> Task statement: Extract the records in full, leaving every picture out.

> Records for processing:
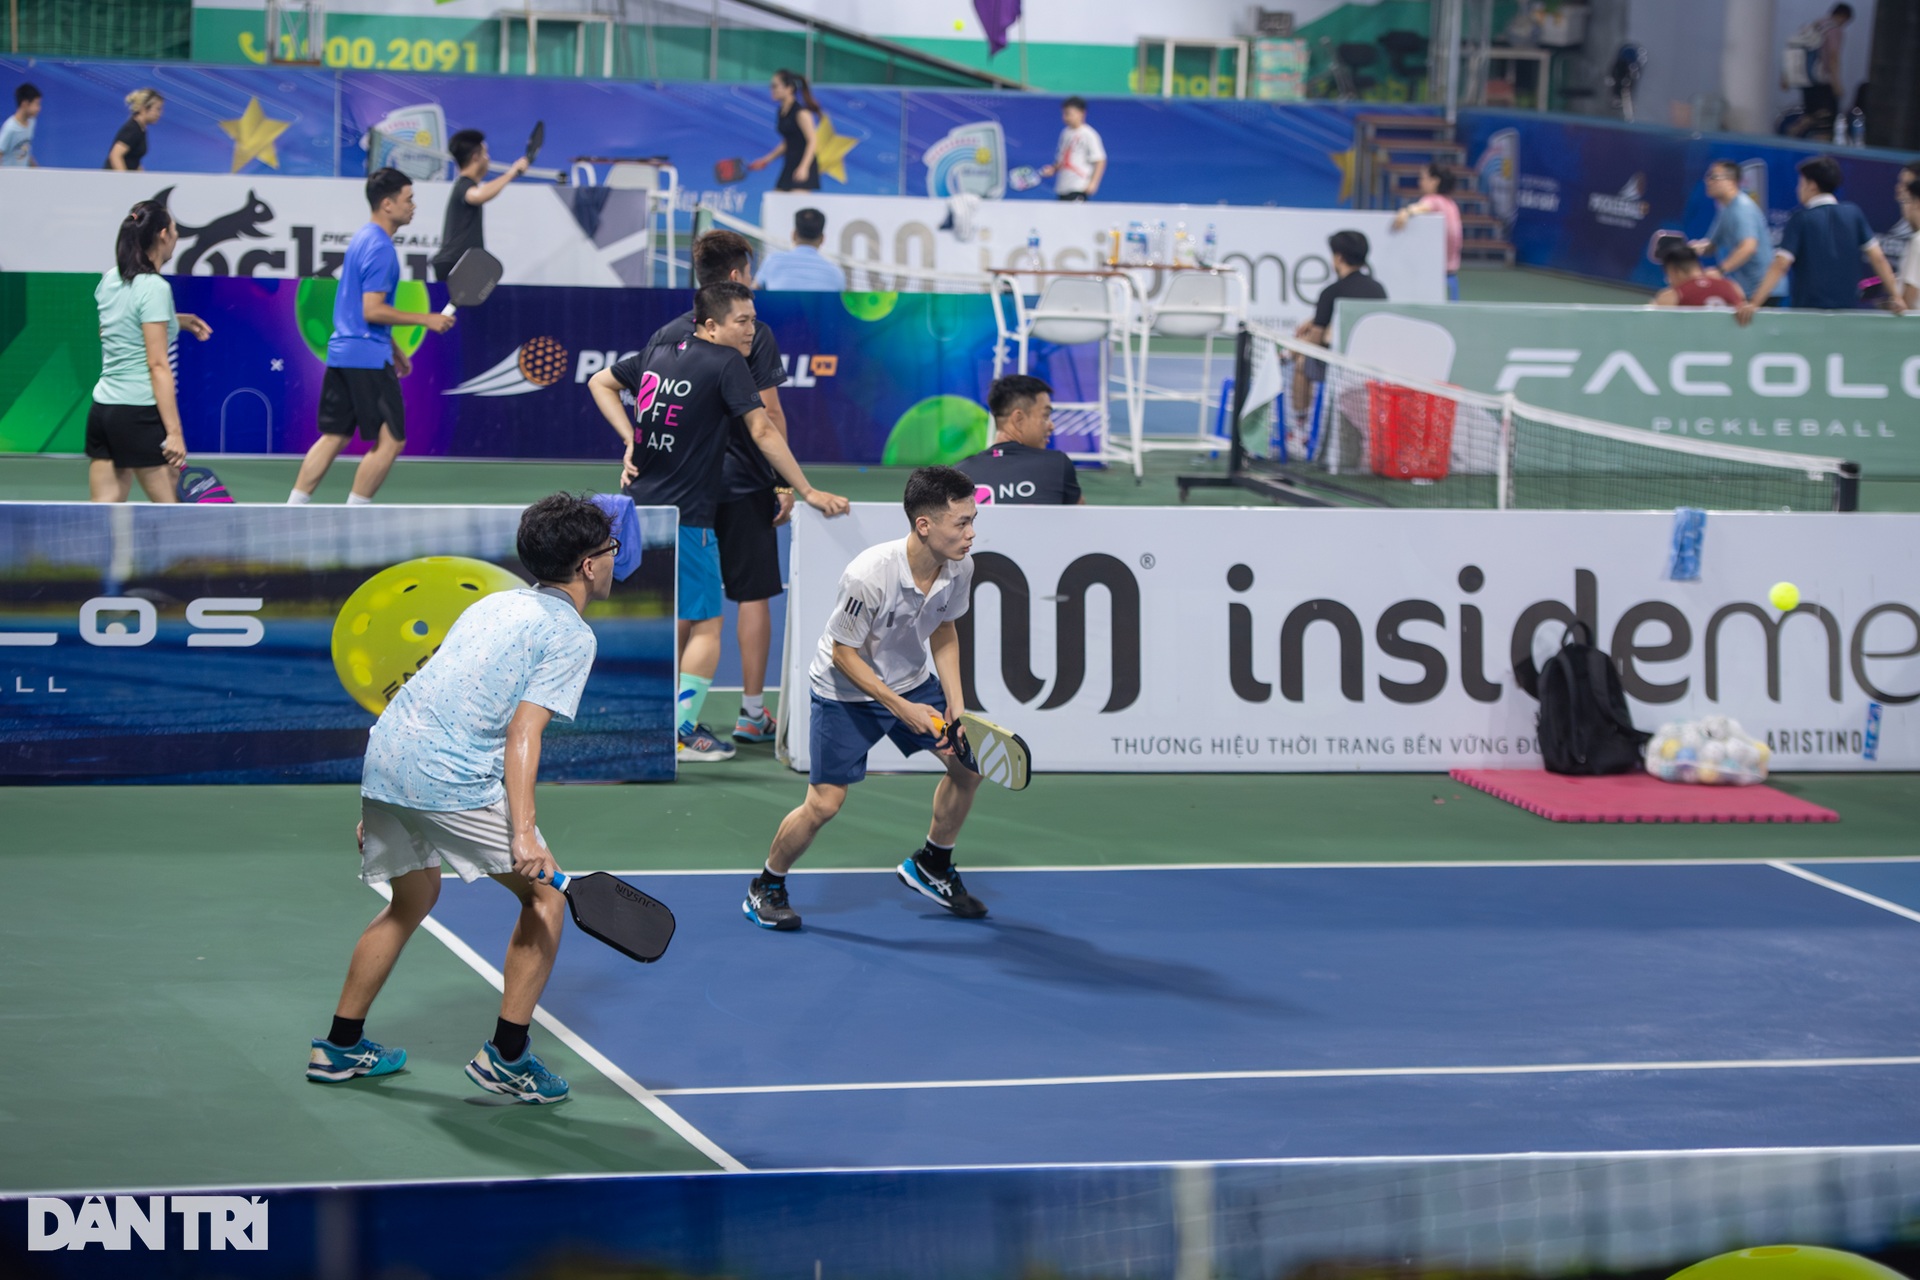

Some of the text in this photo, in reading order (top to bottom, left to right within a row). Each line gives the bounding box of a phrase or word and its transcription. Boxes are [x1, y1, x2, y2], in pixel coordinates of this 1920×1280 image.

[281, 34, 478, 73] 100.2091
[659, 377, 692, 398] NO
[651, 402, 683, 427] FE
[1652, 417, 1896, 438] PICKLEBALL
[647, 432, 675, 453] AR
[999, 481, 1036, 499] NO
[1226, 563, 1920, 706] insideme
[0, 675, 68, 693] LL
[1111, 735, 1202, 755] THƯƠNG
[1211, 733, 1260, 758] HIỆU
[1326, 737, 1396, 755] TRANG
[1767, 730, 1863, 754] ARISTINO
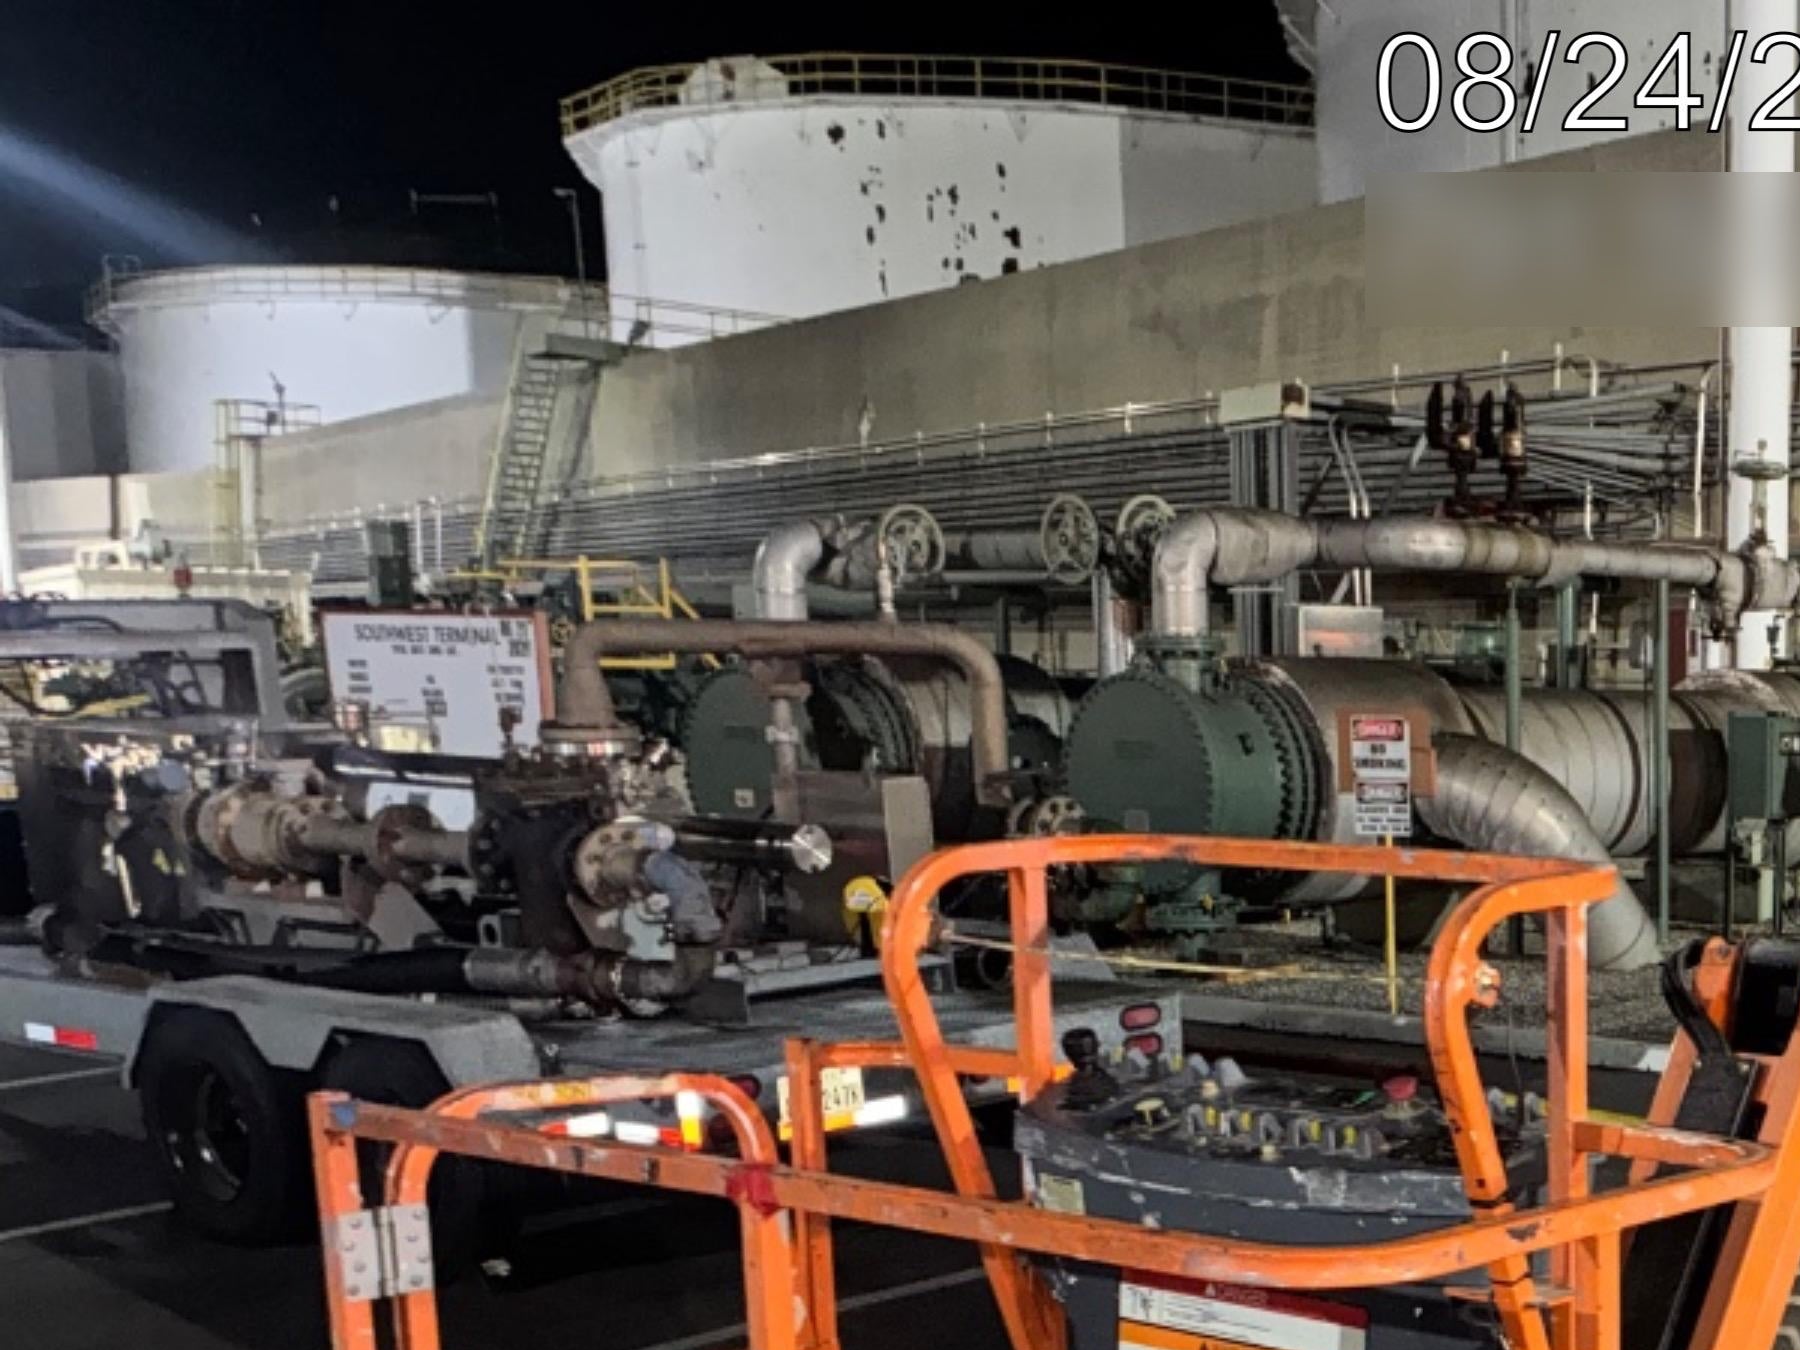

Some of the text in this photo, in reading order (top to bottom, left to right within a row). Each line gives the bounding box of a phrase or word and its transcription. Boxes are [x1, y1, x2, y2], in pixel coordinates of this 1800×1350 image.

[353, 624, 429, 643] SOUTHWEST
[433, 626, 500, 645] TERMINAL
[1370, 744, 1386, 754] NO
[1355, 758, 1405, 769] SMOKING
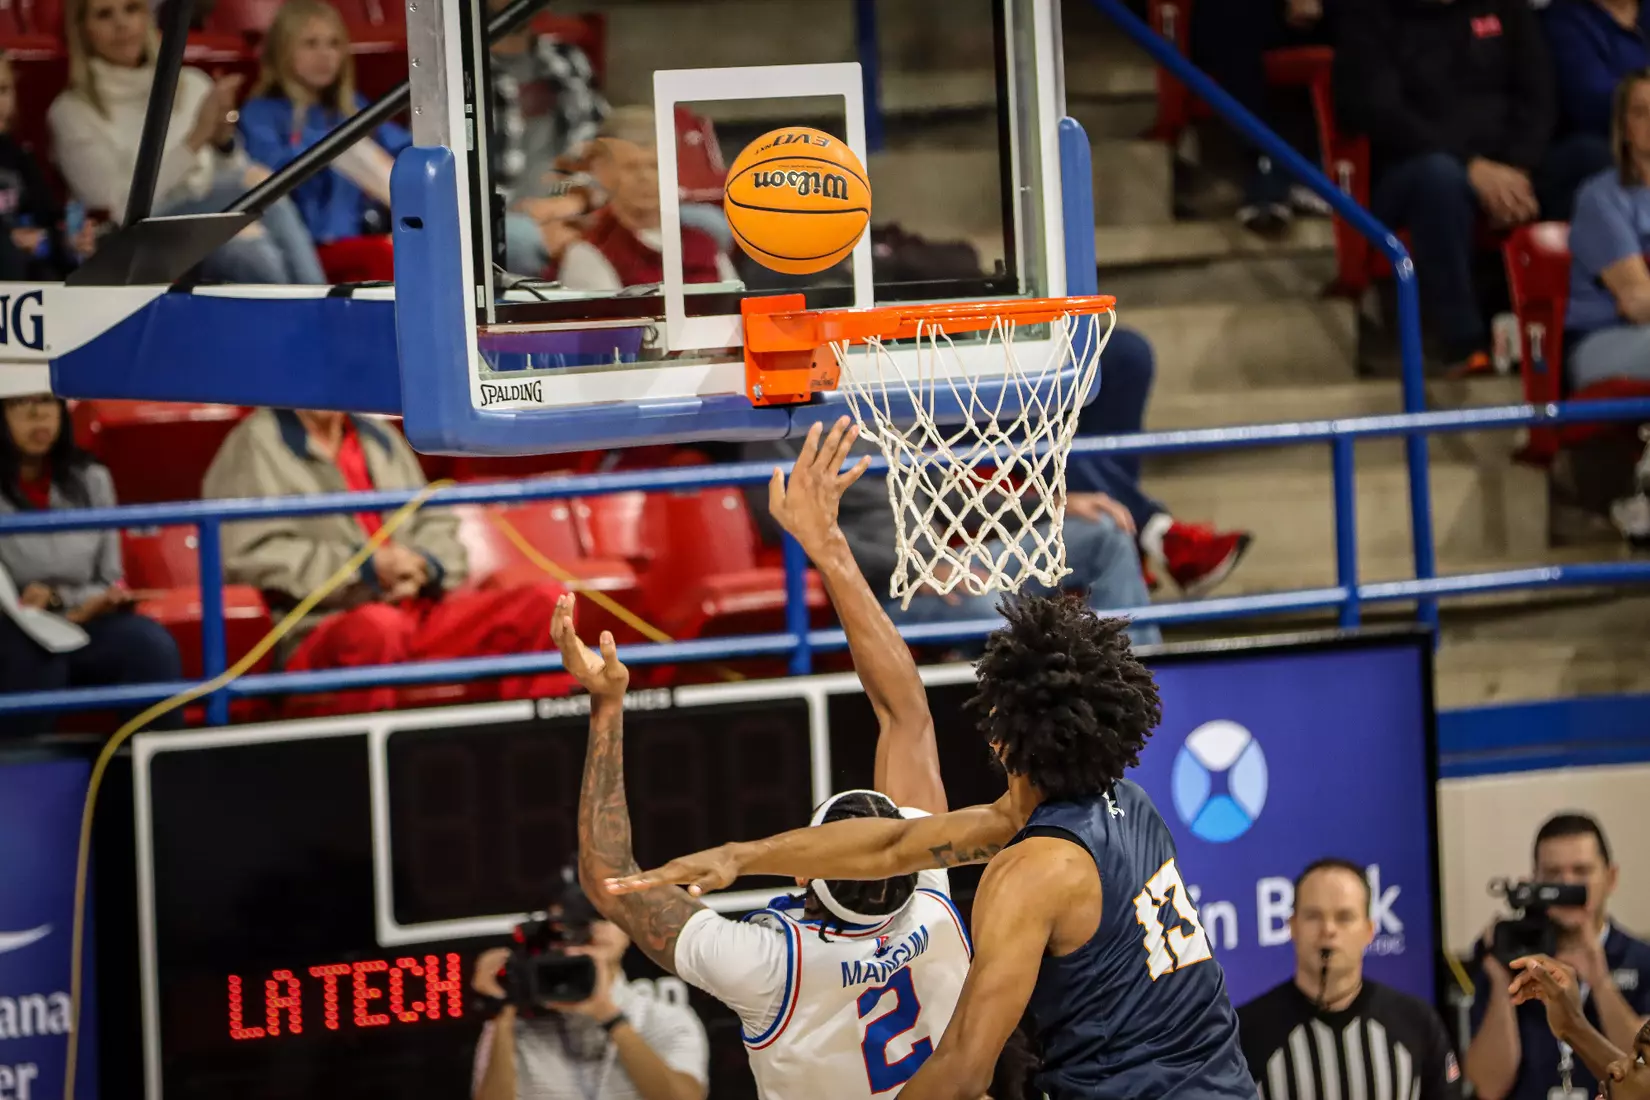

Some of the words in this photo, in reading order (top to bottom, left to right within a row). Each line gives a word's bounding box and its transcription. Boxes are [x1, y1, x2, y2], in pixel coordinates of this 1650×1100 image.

> Answer section:
Some of the text in this photo, in reading order (top to bottom, left to right within a row). Each line gives the bounding box of a phrase or word and its transcription. Boxes are [x1, y1, x2, y2], in pixel coordinates of this 1920×1280 image.

[281, 34, 478, 73] 100.2091
[659, 377, 692, 398] NO
[651, 402, 683, 427] FE
[1652, 417, 1896, 438] PICKLEBALL
[647, 432, 675, 453] AR
[999, 481, 1036, 499] NO
[1226, 563, 1920, 706] insideme
[0, 675, 68, 693] LL
[1111, 735, 1202, 755] THƯƠNG
[1211, 733, 1260, 758] HIỆU
[1326, 737, 1396, 755] TRANG
[1767, 730, 1863, 754] ARISTINO

Some of the text in this photo, in reading order (top to bottom, left to right within a row). Each line gives the bounding box of a phrase or word and its transcription. Boxes are [x1, y1, x2, y2], in pixel coordinates of this 1800×1350 image.

[353, 624, 429, 643] SOUTHWEST
[433, 626, 500, 645] TERMINAL
[1370, 744, 1386, 754] NO
[1355, 758, 1405, 769] SMOKING

Some of the words in this photo, in reading order (top to bottom, left to right within a row). Each line gives a word's bounding box and its transcription. Boxes are [x1, y1, x2, y2], in pixel coordinates of this 1650×1100 image.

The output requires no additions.